Guzmán, que tem 37 anos e é professor de Economia na Universidad de Buenos Aires e na Universidad Nacional de La Plata, tem, neste momento crucial para a economia do seu país natal e da região, a sua primeira experiência na política. Seu professor Joseph Stiglitz afirmou na videoconferência da semana passada - transmitida para diversas universidades de todo o mundo e transmitida pelo sítio do IHU em parceria com a PUC-SP, disponível neste link - que "está entusiasmado com a indicação de Guzmán" e que ele "foi um dos seus melhores alunos. Ambos se destacam na defesa de uma economia não centrada apenas nos números, abstrata, distante da ortodoxia liberal e que garanta que o mercado esteja a favor da sociedade. Por isso há grandes expectativas pela política econômica que buscará desenvolver.

No primeiro pacote que apresentou, são quatro os principais pontos que, conforme resumiu, buscam restabelecer o equilíbrio macroeconômico e proteger os setores de maior vulnerabilidade.

O primeiro ponto é a respeito das aposentadorias. Segundo o ministro, “o que se fez aos aposentados no país é grave”. Sua proposta prevê que “haverá um bônus adicional para quem recebe um único crédito mínimo, tomando precauções para que as escalas não sejam modificadas.

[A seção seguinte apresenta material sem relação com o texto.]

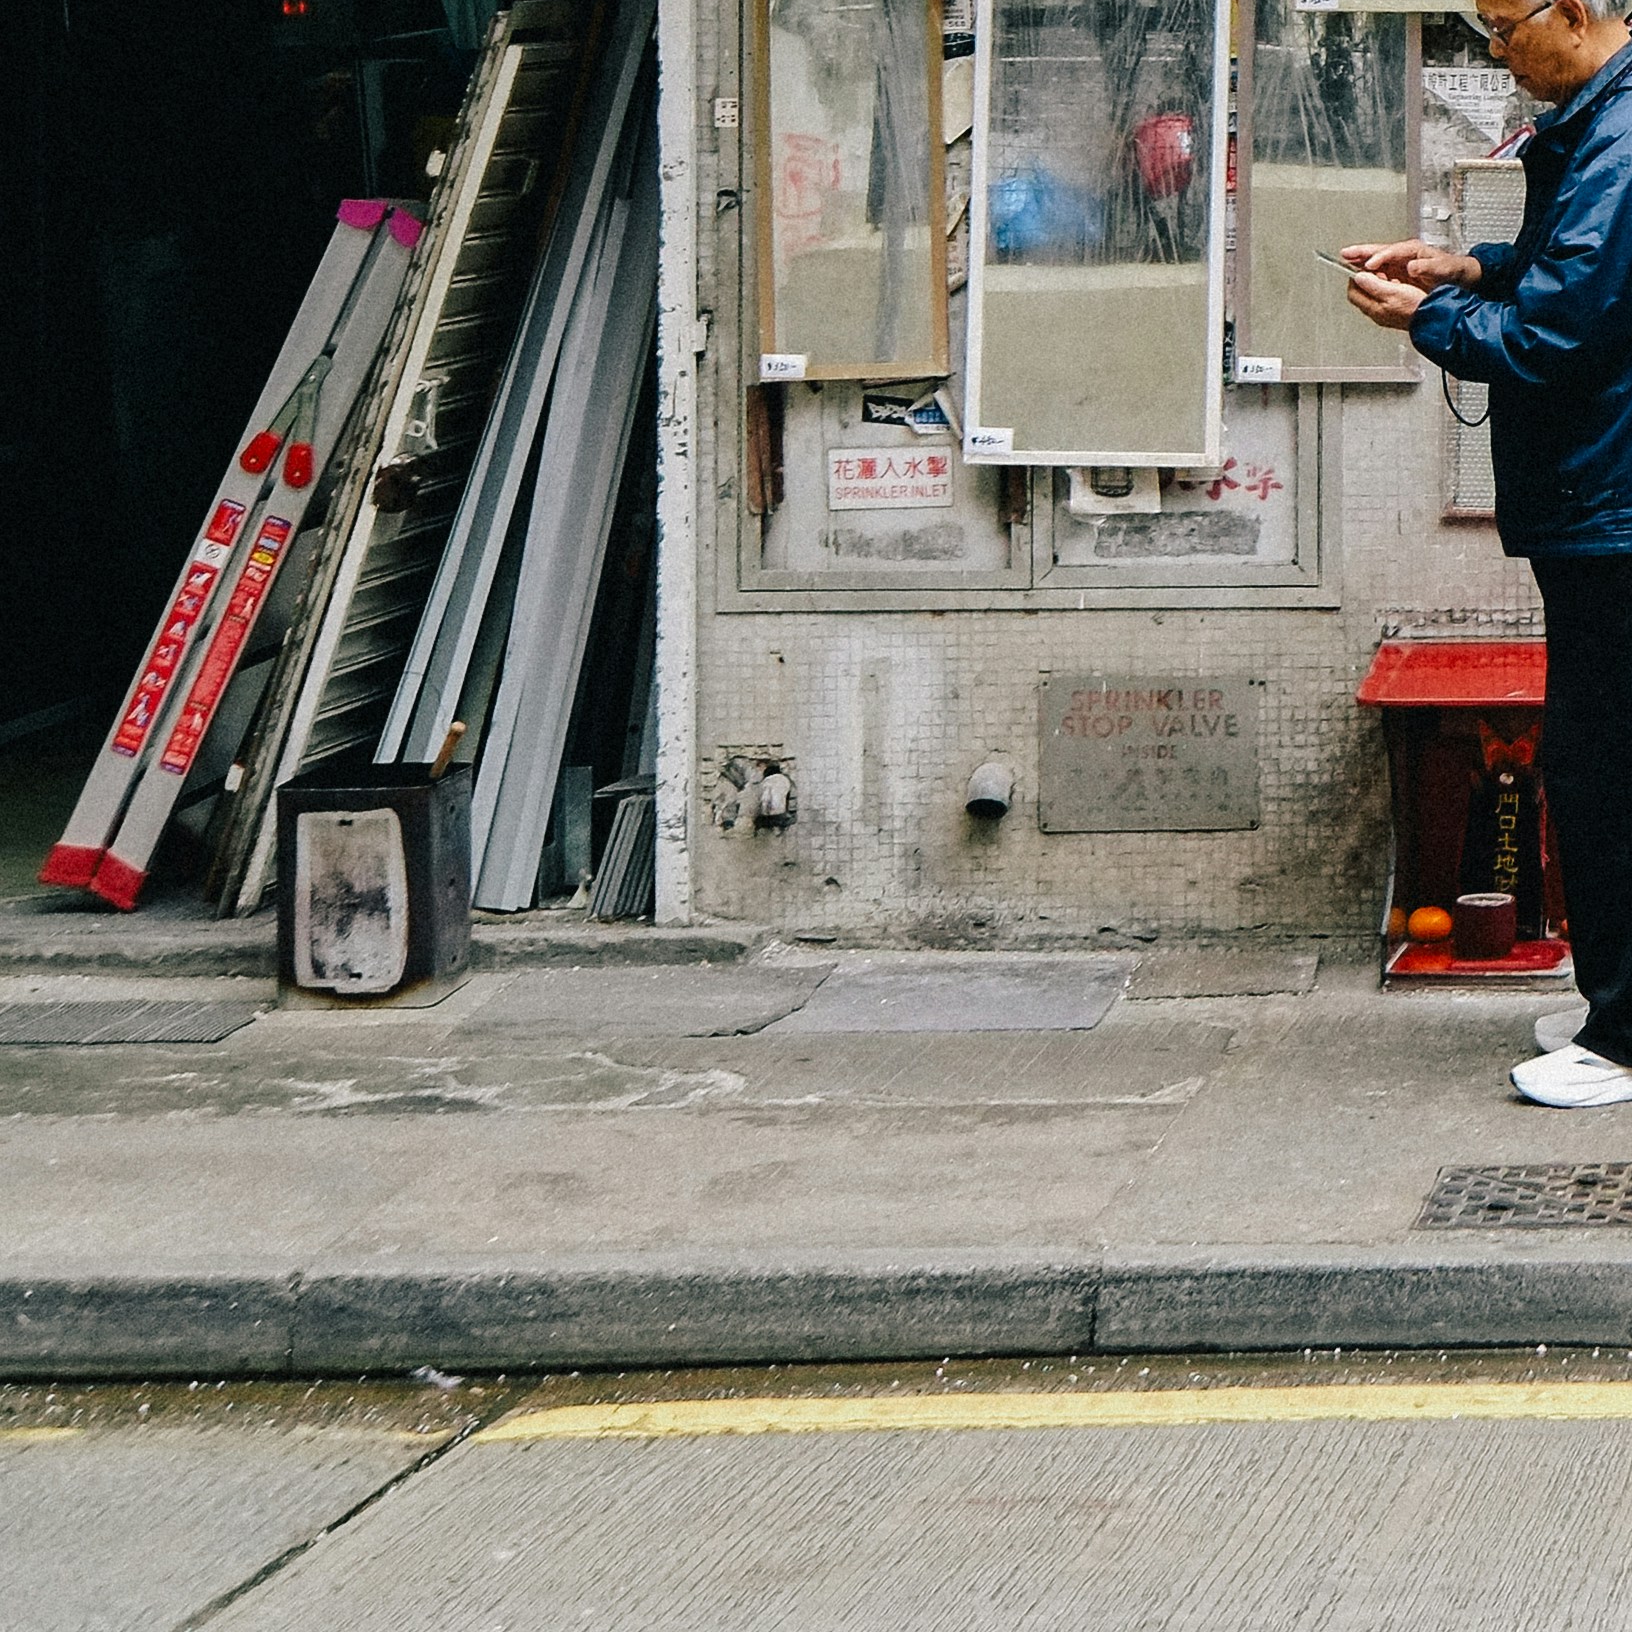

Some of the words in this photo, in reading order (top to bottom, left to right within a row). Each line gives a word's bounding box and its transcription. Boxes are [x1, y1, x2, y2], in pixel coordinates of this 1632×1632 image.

[911, 483, 949, 498] INLET
[1070, 689, 1224, 712] SPRINKLER
[1061, 715, 1134, 738] STOP
[1152, 714, 1239, 737] VALVE
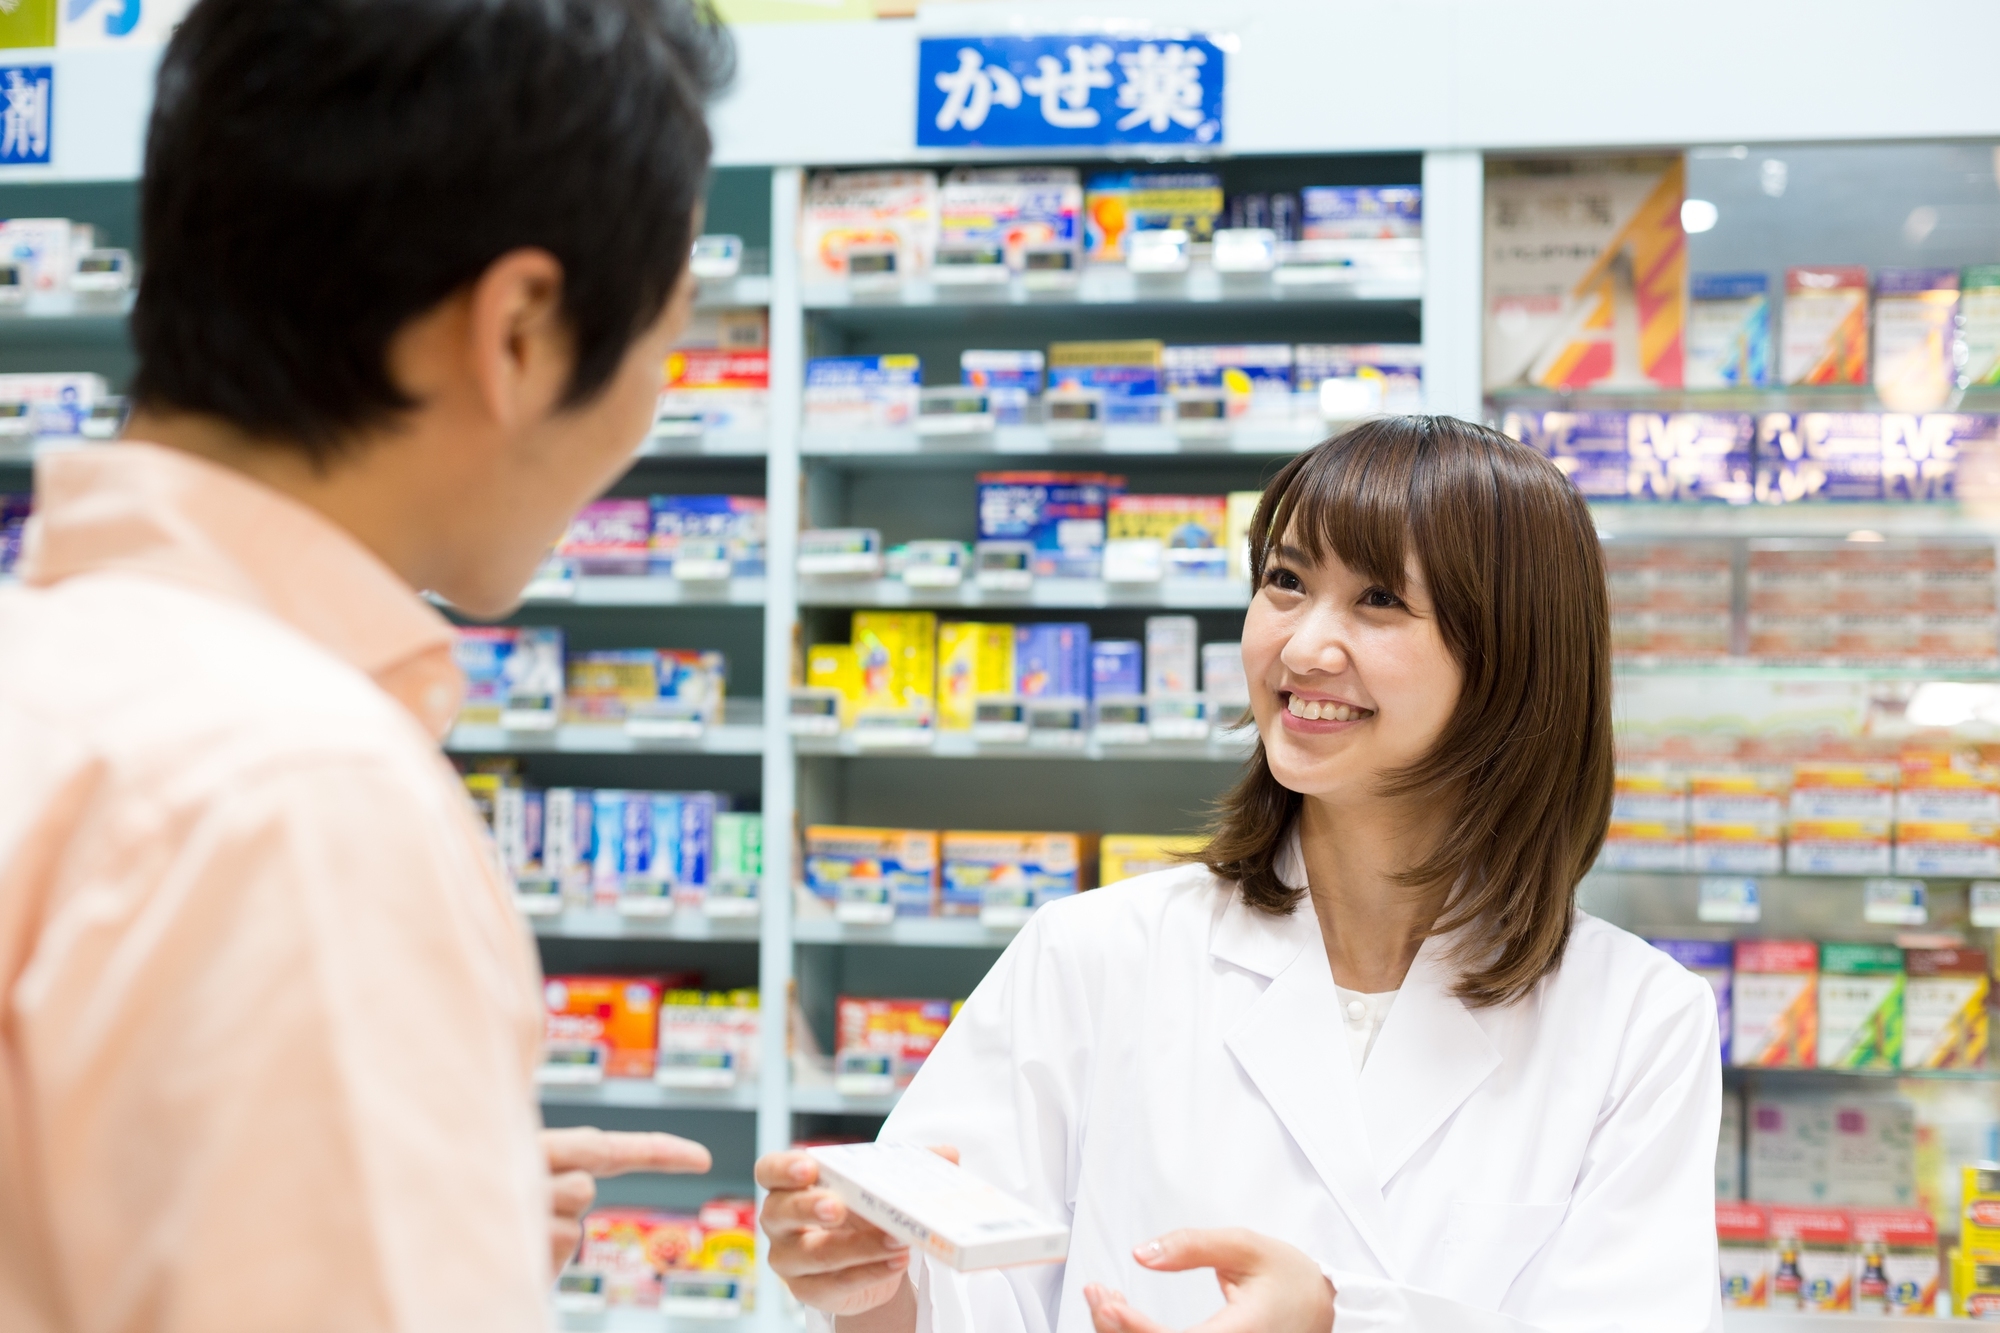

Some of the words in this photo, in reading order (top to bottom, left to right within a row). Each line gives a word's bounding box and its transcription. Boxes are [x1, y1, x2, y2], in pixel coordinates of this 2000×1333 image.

Haverá dois pagamentos de 5 mil pesos (em torno de 84 dólares na cotação atual), um em dezembro e outro em janeiro”.

Uma outra questão, que se tornou mais polêmica no país, é em relação ao imposto sobre o dólar. Para evitar que haja uma compra ainda maior em moeda estrangeira e para que se incentive o consumo local e salvaguarde o peso argentino, haverá uma taxa de 30% na compra de divisas, e o imposto sobre a poupança em ativos da moeda nacional foi eliminado. Da nova tarifa, 70% do arrecadado será destinado à seguridade social enquanto 30% irá para programas de habitação.

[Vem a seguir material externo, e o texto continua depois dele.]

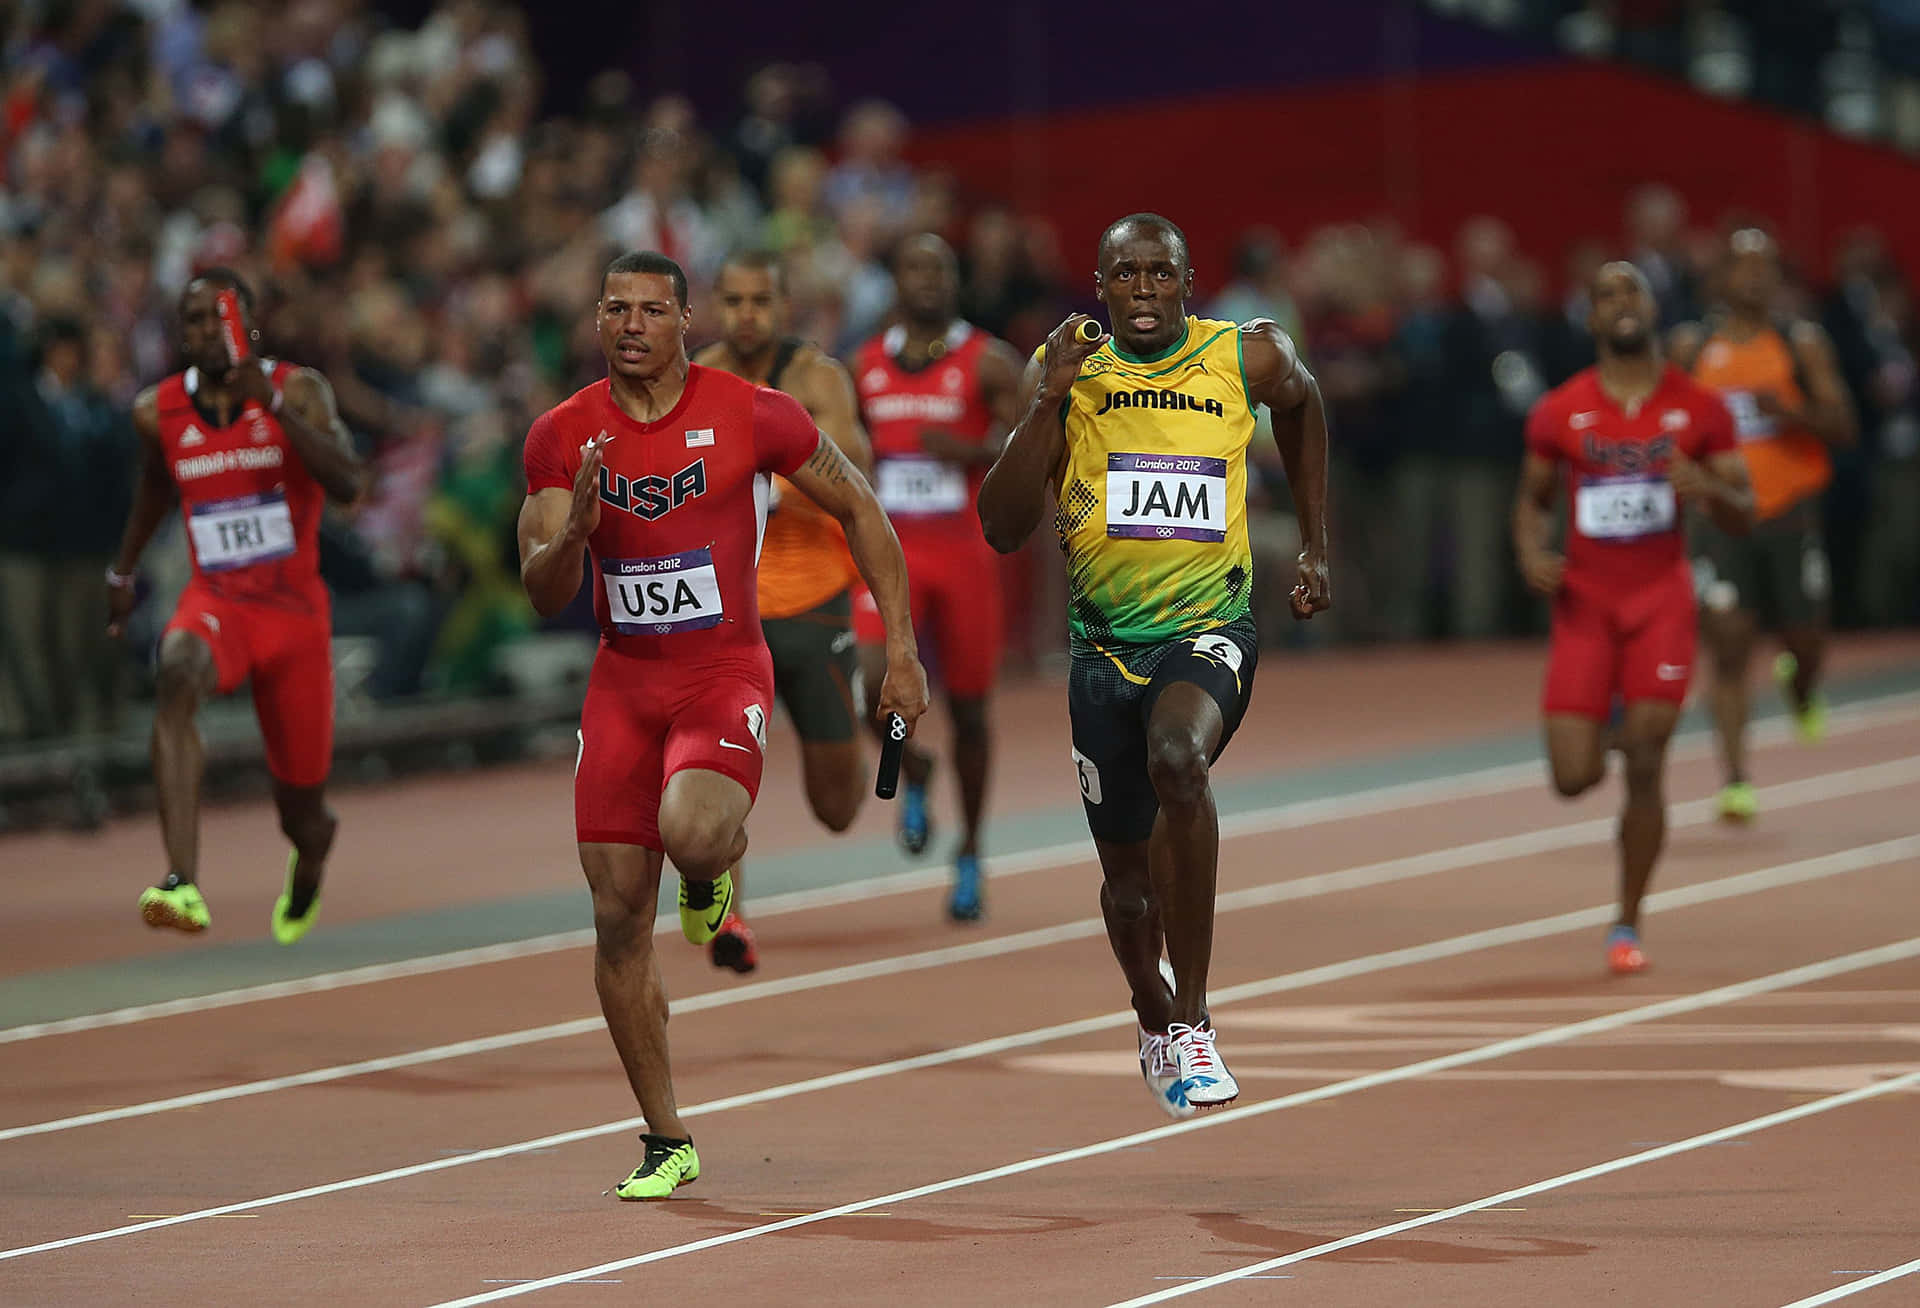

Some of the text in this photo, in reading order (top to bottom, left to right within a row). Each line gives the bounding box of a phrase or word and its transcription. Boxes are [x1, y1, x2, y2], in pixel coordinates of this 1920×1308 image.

[1135, 458, 1201, 472] London 2012
[599, 457, 707, 521] USA
[1122, 480, 1210, 521] JAM
[216, 516, 265, 552] TRI
[620, 557, 681, 574] London 2012
[618, 579, 703, 617] USA
[1209, 642, 1229, 659] 6
[1077, 759, 1090, 794] 6

Outras medidas foram anunciadas no sábado, 14, como parte do Decreto de Necessidade e Urgência. Uma é para segurar a taxa de desemprego que cresceu mais de 10% no segundo semestre de 2019, aumentando em 100% a indenização sobre as demissões de trabalhadores nos próximos seis meses. Outra, e que afeta diretamente o mercado internacional, é a tarifa de exportação sobre grãos. A exportação será mais cara, a fim de incentivar o mercado interno, que está estagnado, assim o imposto sobre a soja sobe de 25% para 30%, milho e trigo de 7% para 12% e a carne bovina de 7% para 9%. A medida, segundo relata o jornal Clarín, não foi uma surpresa para os produtores agrícolas argentinos, pois o governo já havia se manifestado anteriormente sobre essa ideia.

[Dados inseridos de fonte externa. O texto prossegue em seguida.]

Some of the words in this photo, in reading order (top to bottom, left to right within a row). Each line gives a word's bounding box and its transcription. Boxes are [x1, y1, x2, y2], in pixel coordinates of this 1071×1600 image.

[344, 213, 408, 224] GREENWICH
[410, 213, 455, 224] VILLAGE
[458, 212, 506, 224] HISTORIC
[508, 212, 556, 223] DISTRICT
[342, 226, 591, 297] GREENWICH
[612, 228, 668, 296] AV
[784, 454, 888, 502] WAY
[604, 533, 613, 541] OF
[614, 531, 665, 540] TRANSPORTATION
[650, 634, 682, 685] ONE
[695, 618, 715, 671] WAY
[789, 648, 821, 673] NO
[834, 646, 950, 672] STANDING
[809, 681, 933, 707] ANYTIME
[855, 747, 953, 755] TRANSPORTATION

A consequência da política econômica de Guzmán é ainda uma incógnita. Assim, como o capital político, ou o potencial de implementação, da sua perspectiva em um país ainda muito polarizado. No entanto, Guzmán faz parte, junto a Amartya Sen, Jeffrey Sachs, Kate Raworth e seu orientador Joseph Stiglitz – e muitos outros –, de uma equipe de economistas provocados pelo papa Francisco a projetar novos modelos econômicos e educativos para uma economia que “faz viver e não mata, inclui e não exclui” – entre os dias 26 e 28 de março de 2020, estarão reunidos no encontro “Economia de Francisco”, em Assis, na Itália, convocado pelo pontífice.

À época do encontro com o Papa, o novo ministro afirmou que havia sintonia de pensamento entre eles, visto que “compartilhamos da mesma premissa: para transformar a realidade é necessário trabalhar em contato com a realidade”. Agora é a oportunidade de aplicar essa transformação. No diagnóstico que fez do seu país ao Página/12, constava que “a Argentina ainda enfrenta um problema produtivo estrutural que resulta em insegurança econômica para boa parte da sua população. Sua estrutura econômica exclui muita gente”. Virá da terra natal do papa Francisco a primeira experiência do pacto global que ele está propondo?